_Instructions for the task:_
Keep to the lines from the one with "Some of the text" through the end of the data, and write them out exactly.

Record excerpts section start

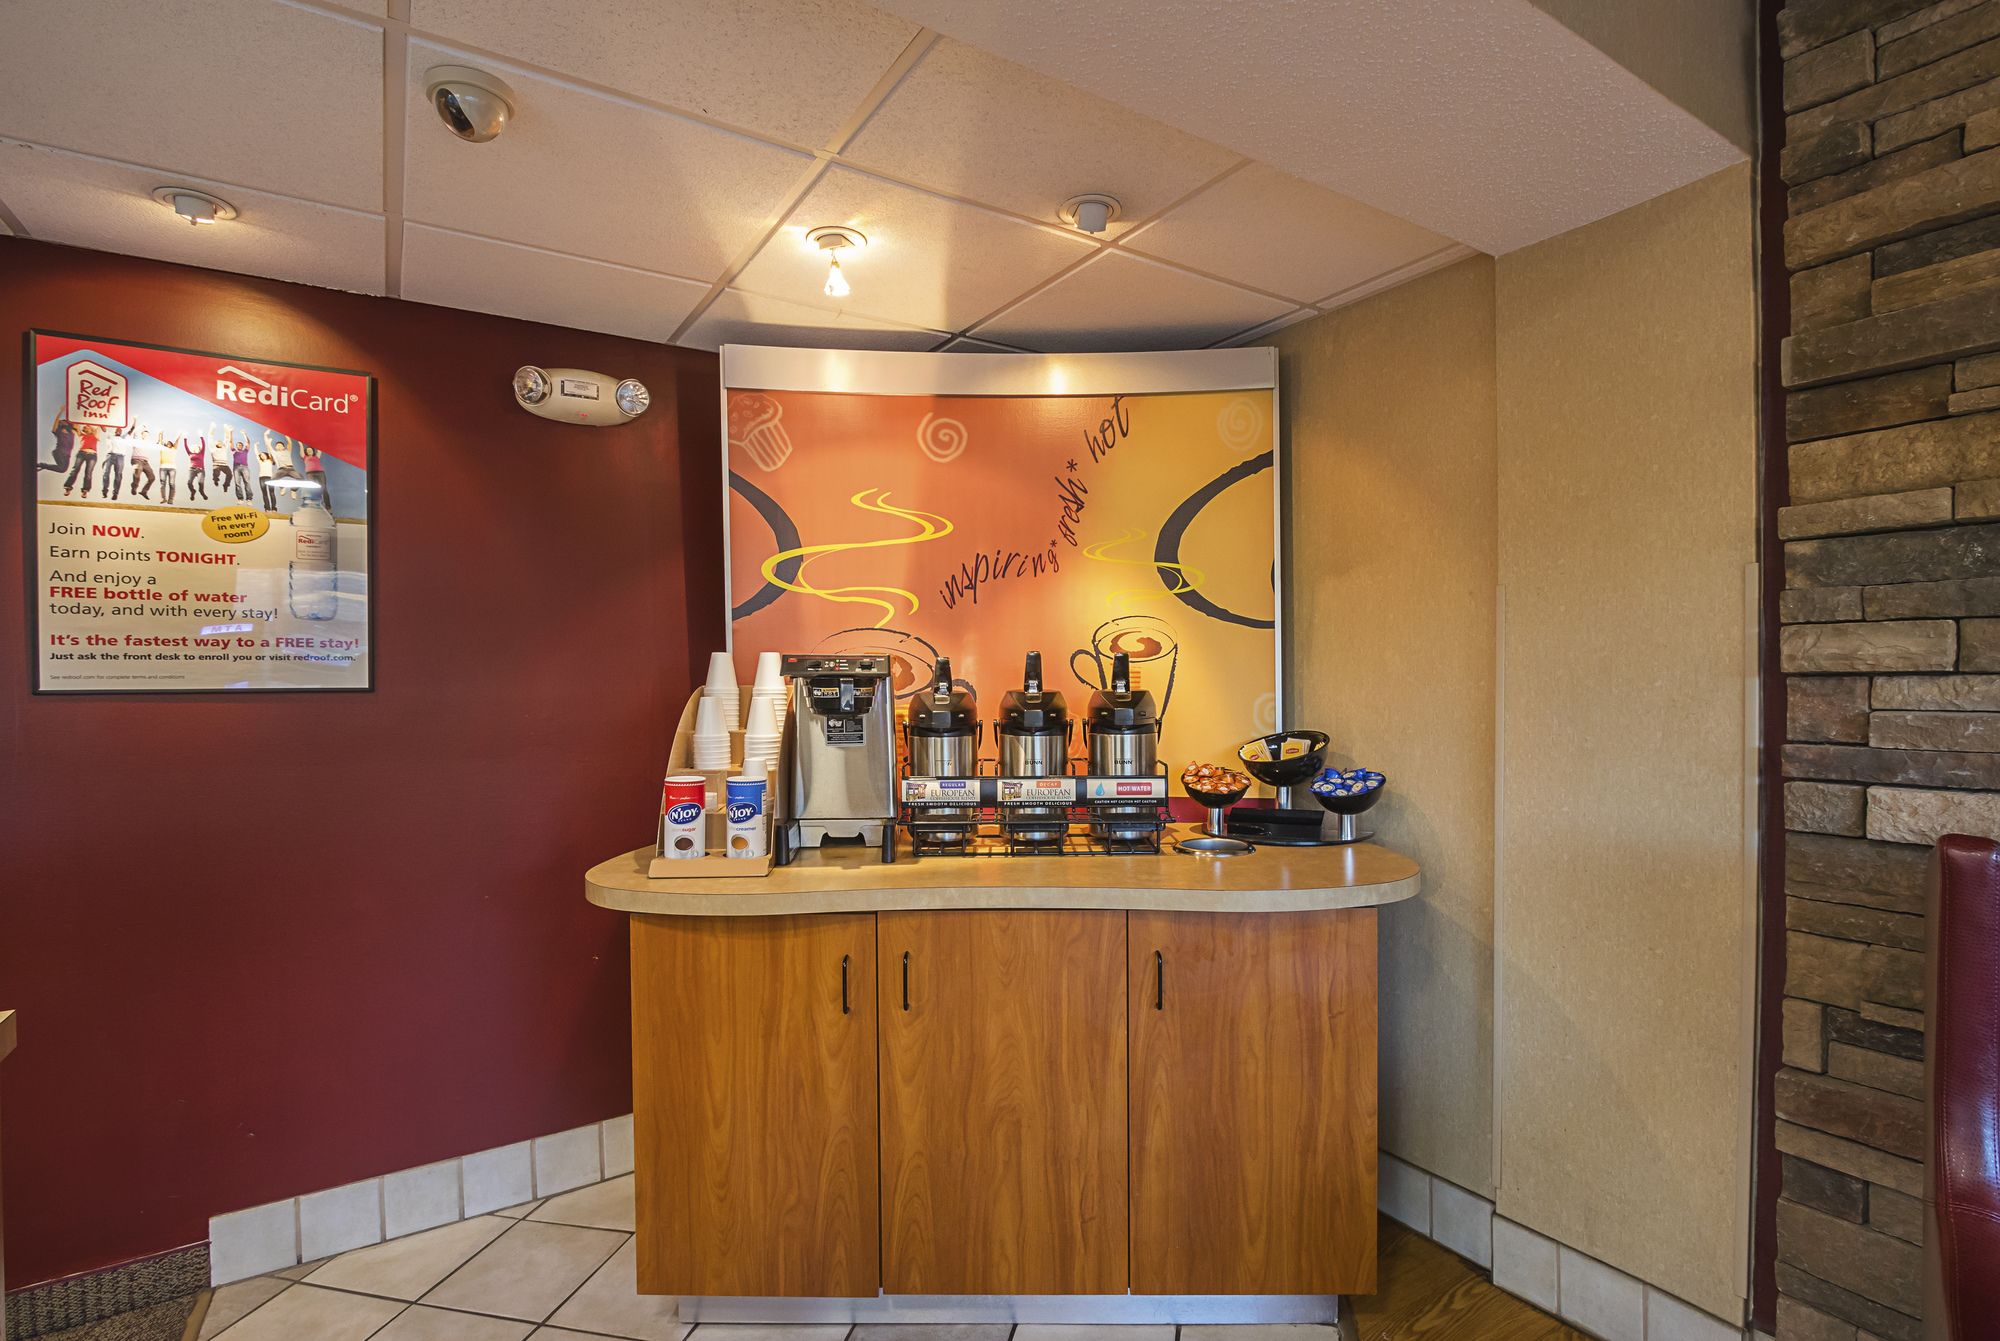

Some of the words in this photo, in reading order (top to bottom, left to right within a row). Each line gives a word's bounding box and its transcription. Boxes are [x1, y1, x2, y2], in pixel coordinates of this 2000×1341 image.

[80, 379, 111, 397] Red
[77, 394, 119, 413] Roof
[1084, 396, 1129, 463] hot
[211, 515, 232, 523] Free
[234, 511, 258, 521] Wi-Fi
[49, 522, 86, 535] Join
[92, 525, 145, 538] NOW.
[217, 523, 227, 531] in
[229, 522, 255, 530] every
[223, 530, 254, 538] room!
[50, 546, 90, 558] Earn
[97, 549, 151, 562] points
[156, 550, 241, 566] TONIGHT.
[49, 570, 87, 583] And
[93, 572, 141, 587] enjoy
[147, 575, 157, 585] a
[50, 586, 97, 599] FREE
[104, 587, 163, 601] bottle
[168, 590, 189, 602] of
[194, 592, 248, 603] water
[50, 602, 105, 617] today,
[111, 604, 144, 615] and
[149, 605, 188, 617] with
[193, 608, 237, 621] every
[241, 607, 278, 622] stay!
[50, 634, 80, 646] It’s
[86, 634, 119, 646] the
[124, 634, 189, 647] fastest
[193, 637, 231, 649] way
[236, 636, 255, 648] to
[260, 639, 270, 648] a
[275, 637, 315, 648] FREE
[319, 638, 359, 650] stay!
[50, 652, 75, 661] Just
[77, 652, 97, 661] ask
[100, 652, 120, 661] the
[123, 652, 152, 661] front
[155, 653, 181, 661] desk
[184, 653, 196, 661] to
[198, 653, 230, 661] enroll
[232, 654, 252, 662] you
[269, 653, 291, 661] visit
[293, 653, 356, 661] redroof.com.
[930, 789, 976, 797] EUROPEAN
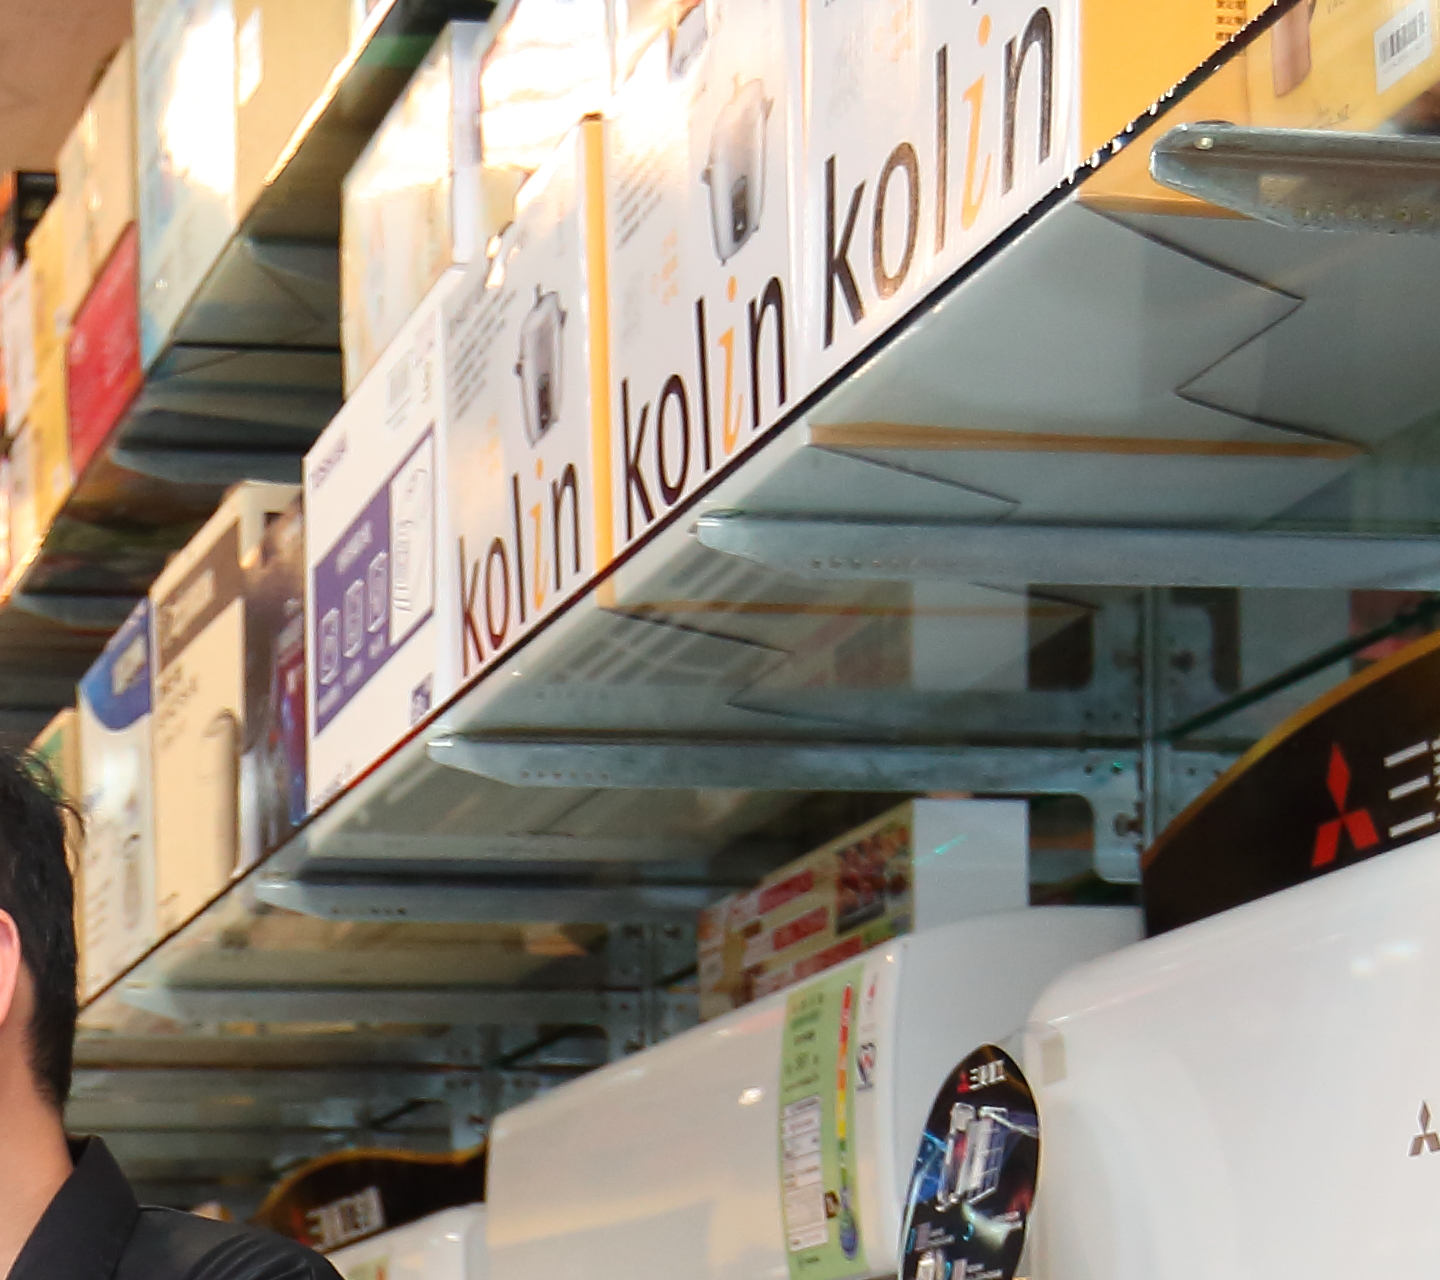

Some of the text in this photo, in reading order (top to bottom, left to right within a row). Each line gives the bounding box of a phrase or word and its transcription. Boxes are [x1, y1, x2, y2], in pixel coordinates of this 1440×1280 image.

[823, 5, 1054, 350] kolin
[620, 275, 788, 542] kolin
[458, 457, 582, 680] kolin

Record excerpts section end

_Expected answer:_
Some of the text in this photo, in reading order (top to bottom, left to right within a row). Each line gives the bounding box of a phrase or word and its transcription. Boxes are [x1, y1, x2, y2], in pixel coordinates of this 1440×1280 image.

[823, 5, 1054, 350] kolin
[620, 275, 788, 542] kolin
[458, 457, 582, 680] kolin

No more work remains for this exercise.